Software. Efficiency. Scalability.

Entia non sunt multiplicanda praeter necessitatem

Posts Tagged ‘dev

Understanding GC: Freeing memory (part I)

with one comment

Let me start by saying that I am a very casual driver. I have never bothered looking under the hood of my Accord. In fact, the reason I drive a Honda is because I don’t have to. I don’t want to debug my car; I want it to just work. Having said that, if I were to depend on my car, whether I did racing or farming, I would make sure that I understood how the machinery worked: what it could, what it could not do, and what would be the best way to keep it running smoothly. After all, you don’t want you car to fail on you when you really can’t afford it.

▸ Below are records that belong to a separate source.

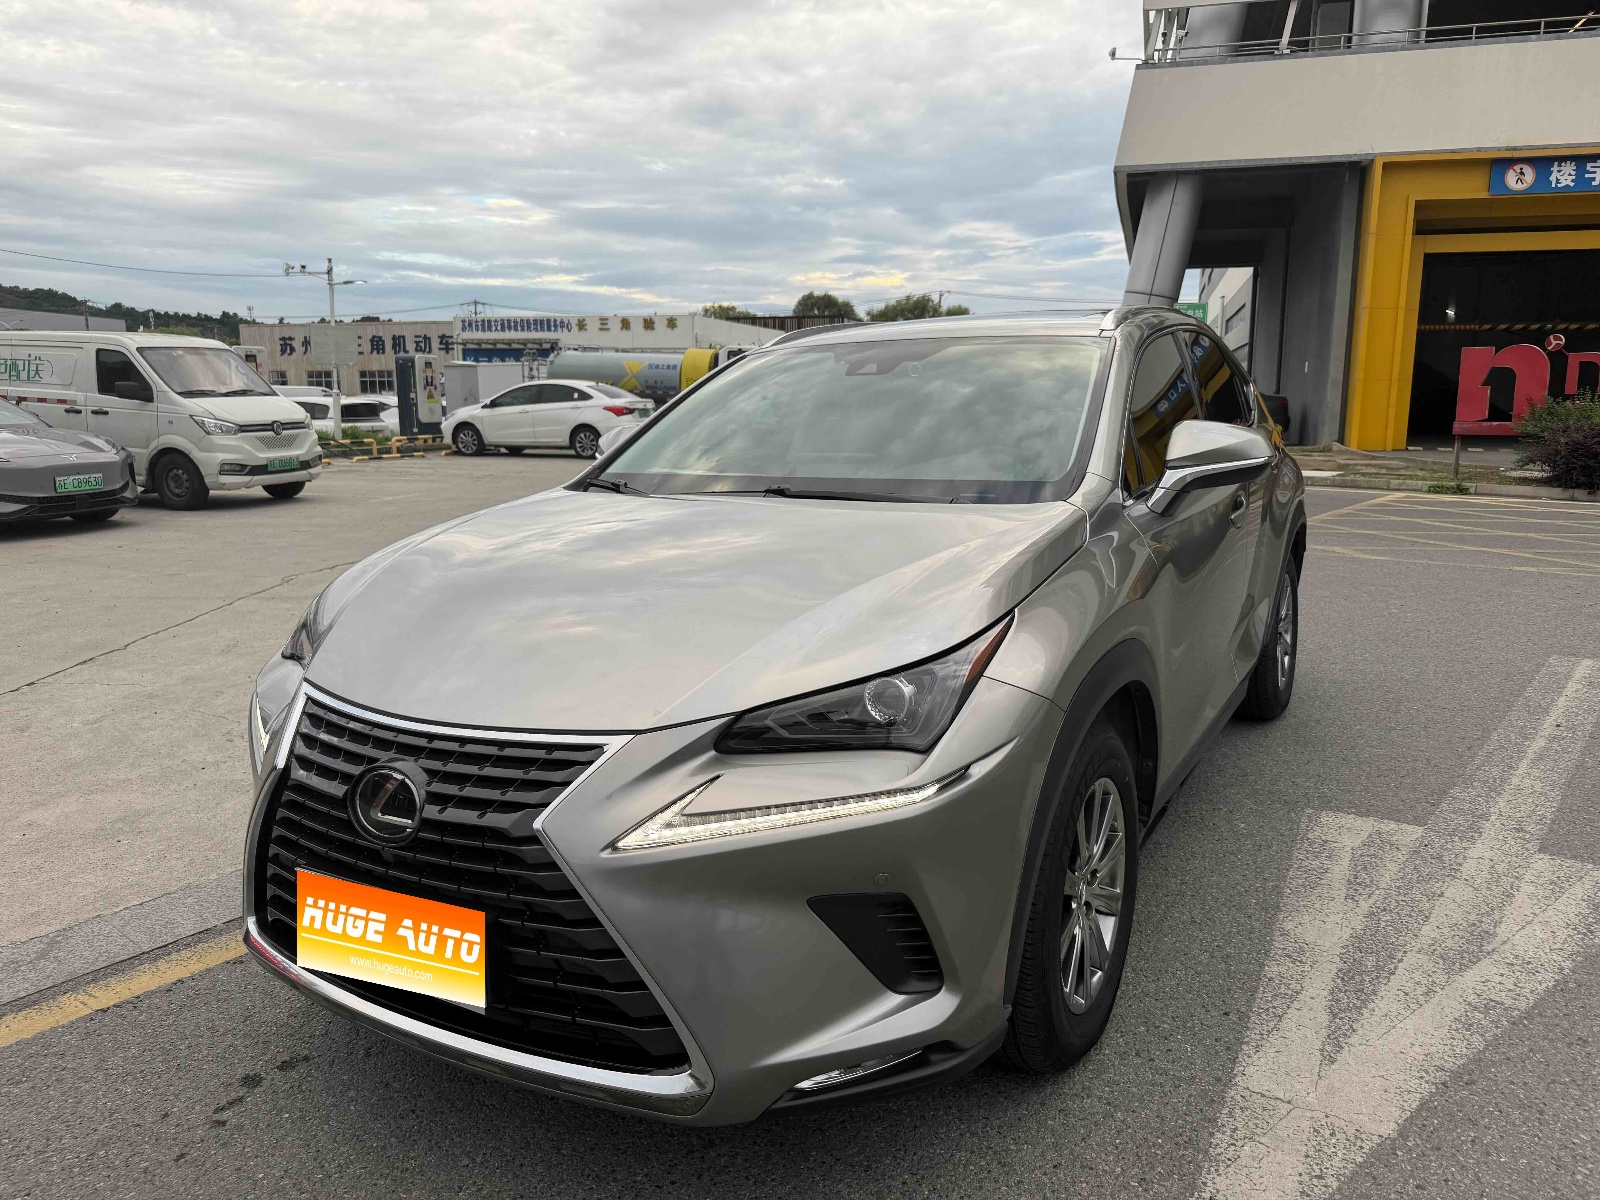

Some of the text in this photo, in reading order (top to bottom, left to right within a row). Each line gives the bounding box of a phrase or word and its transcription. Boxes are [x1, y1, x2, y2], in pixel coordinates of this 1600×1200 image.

[576, 317, 678, 332] 长三角验车
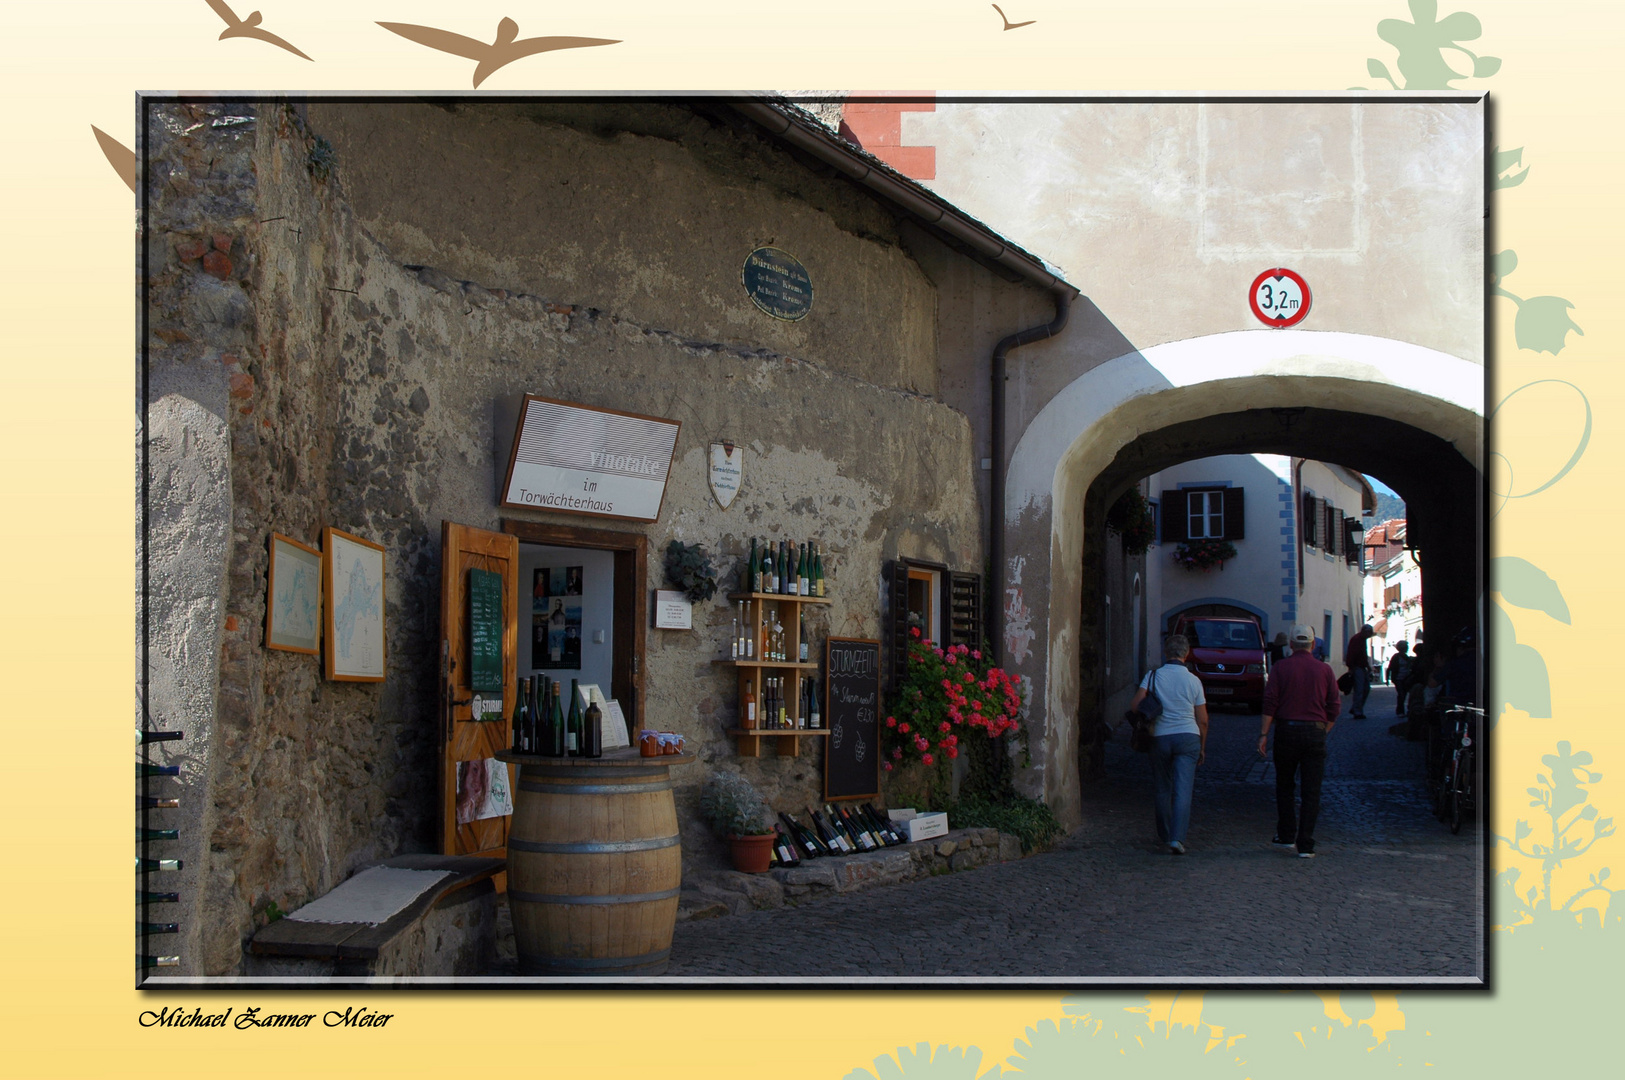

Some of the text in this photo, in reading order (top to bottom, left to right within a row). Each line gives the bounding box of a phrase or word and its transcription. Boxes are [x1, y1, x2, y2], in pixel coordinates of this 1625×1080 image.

[752, 256, 789, 276] Dürnstein
[782, 279, 803, 294] Krems
[782, 291, 804, 306] Krems
[590, 450, 660, 475] vinotake
[583, 477, 598, 493] im
[520, 488, 613, 512] Torwächterhaus
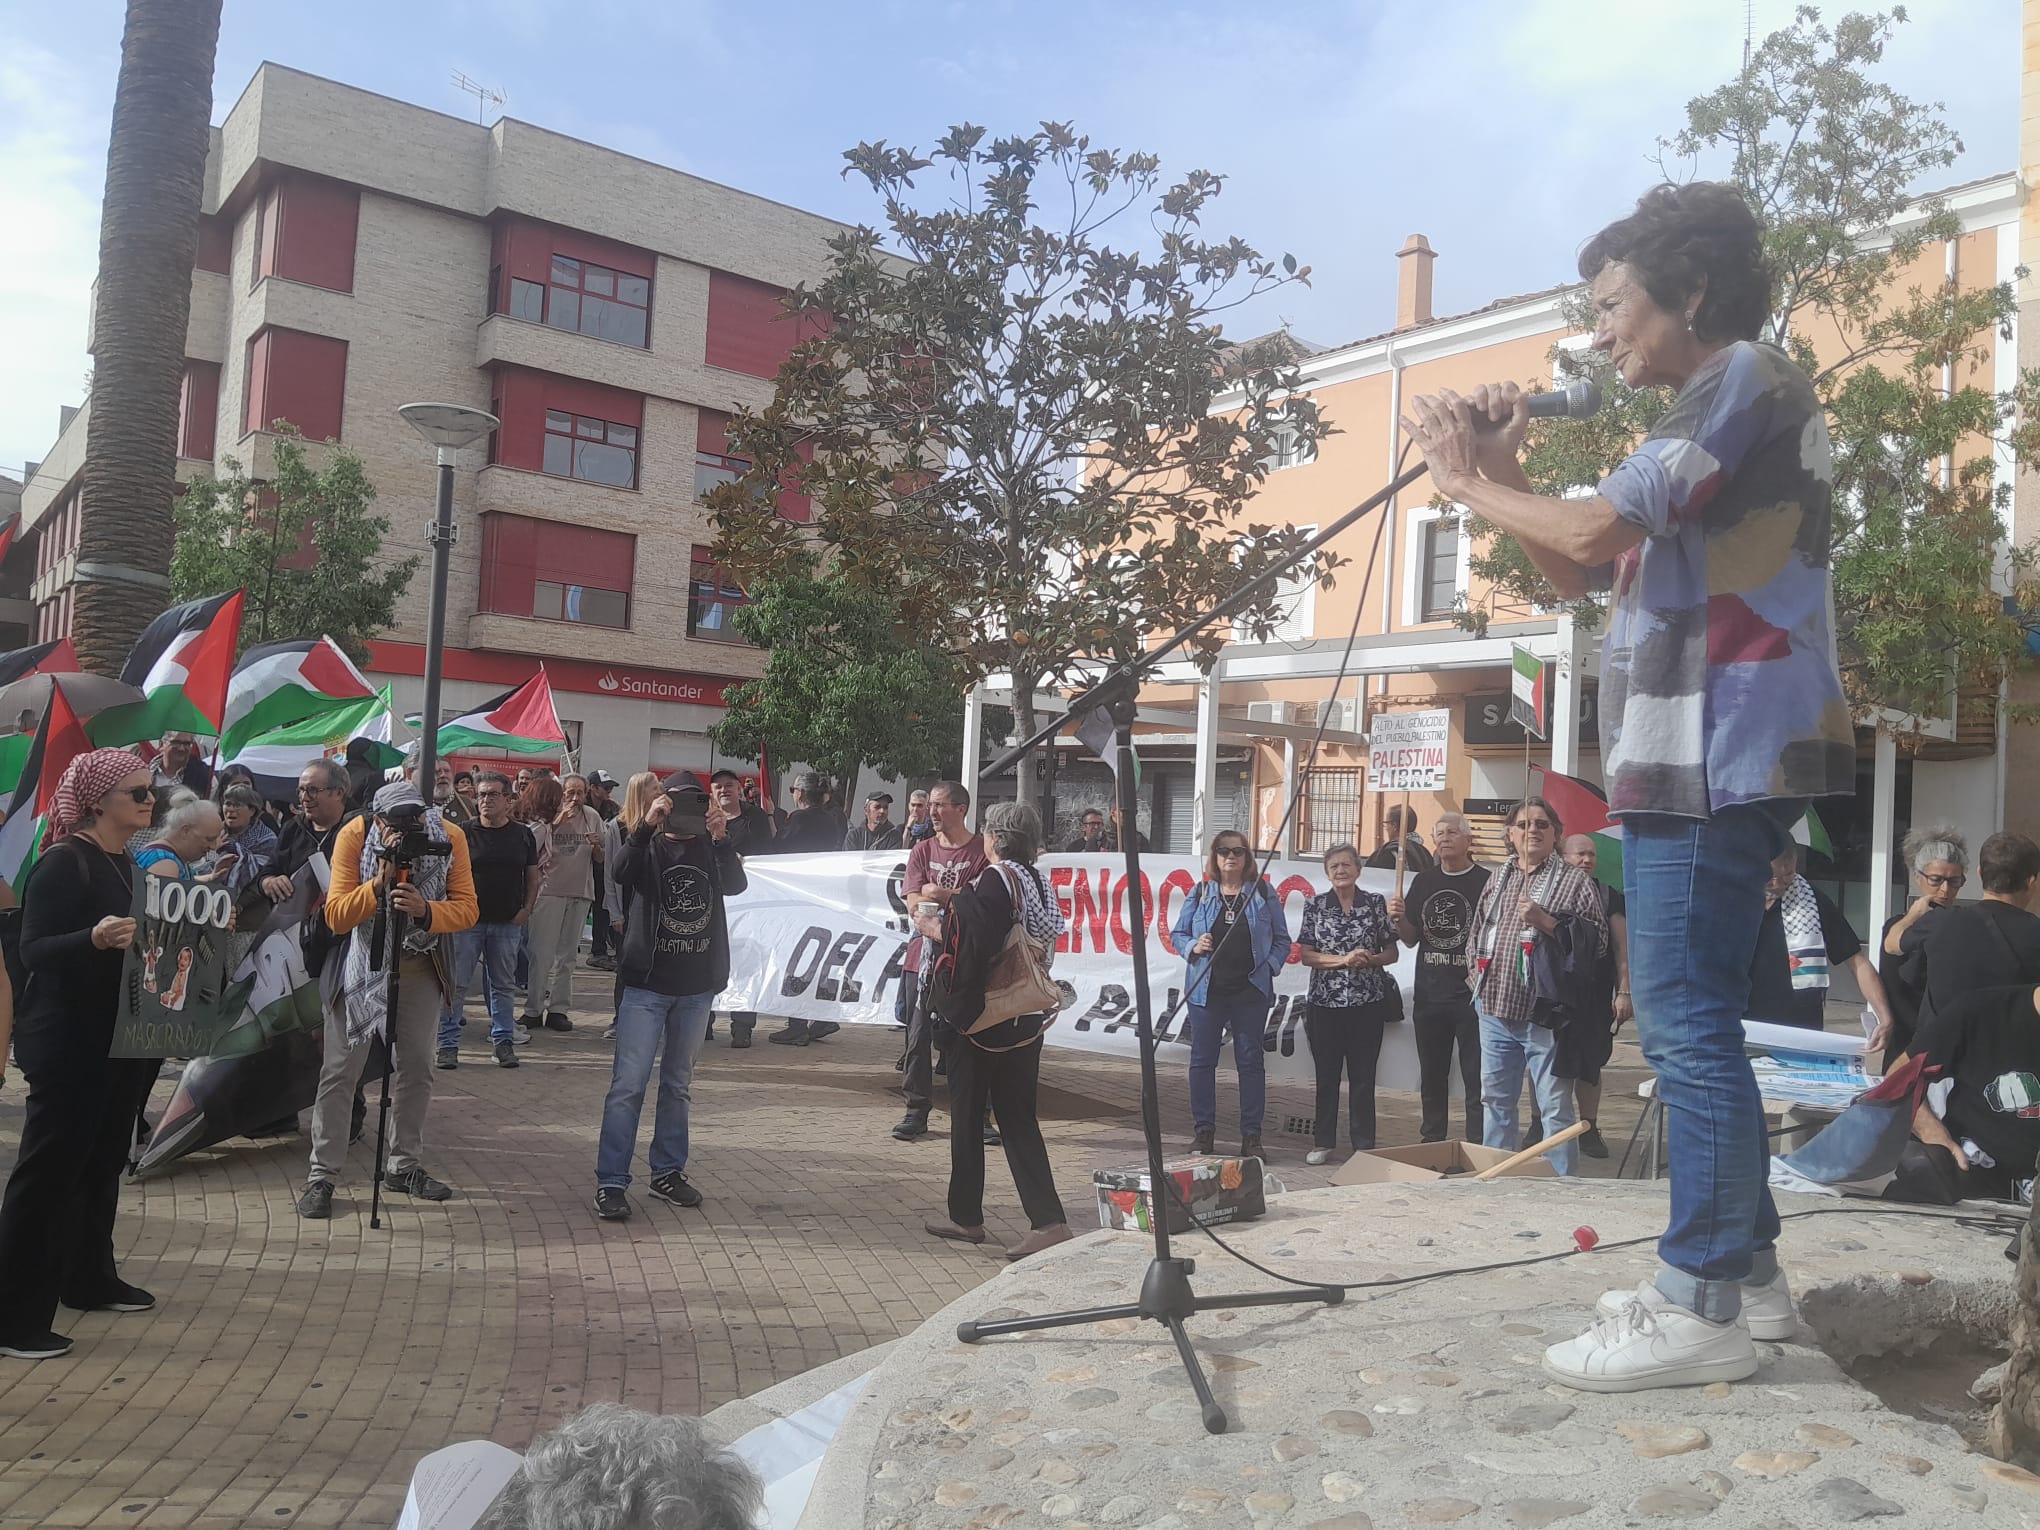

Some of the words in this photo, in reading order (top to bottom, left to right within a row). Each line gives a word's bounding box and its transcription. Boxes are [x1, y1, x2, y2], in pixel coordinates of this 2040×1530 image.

For me, Garbage Collection is one of those “under the hood” things. It’s a fuel pump for your applications. It is extremely important to understand how it works.

Memory management does two things: allocates and releases memory. Garbage Collection, a memory management systems, made it to mainstream in late 90s, mostly thanks to Java and .NET. It helped resolve a lot of issues that plagued development at the time:

  1. Memory leaks. It was a huge problem then and it is still a problem now. Even companies like Google can’t keep their products without leaks. GC has made it a lot harder to introduce memory leaks. While the issue remains, it doesn’t happen nearly as much.
  2. Having references to “dead” objects. As a consequence of fighting against #1, you can get a reference to a piece of memory that had already been freed. If memory manager allocated something else in the same space you were in a lot of trouble. GC completely resolved this.
  3. Allocating on top. If you programmed for WIN32 API you might remember ERROR_INSUFFICIENT_BUFFER and all kinds of jumping through hoops to figure out how much memory was needed. GC also completely resolved this issue since you can actually allocate objects as you need in your libraries and then return them to the caller.
  4. Concurrency. In multi-threaded systems it wasn’t always quite clear if a thread could release an object. One of the most common ways to deal with it was reference counting. Usually it had to be done under a lock, and it scaled poorly with the number of threads. With GC, you can share your objects between threads without worrying about anything.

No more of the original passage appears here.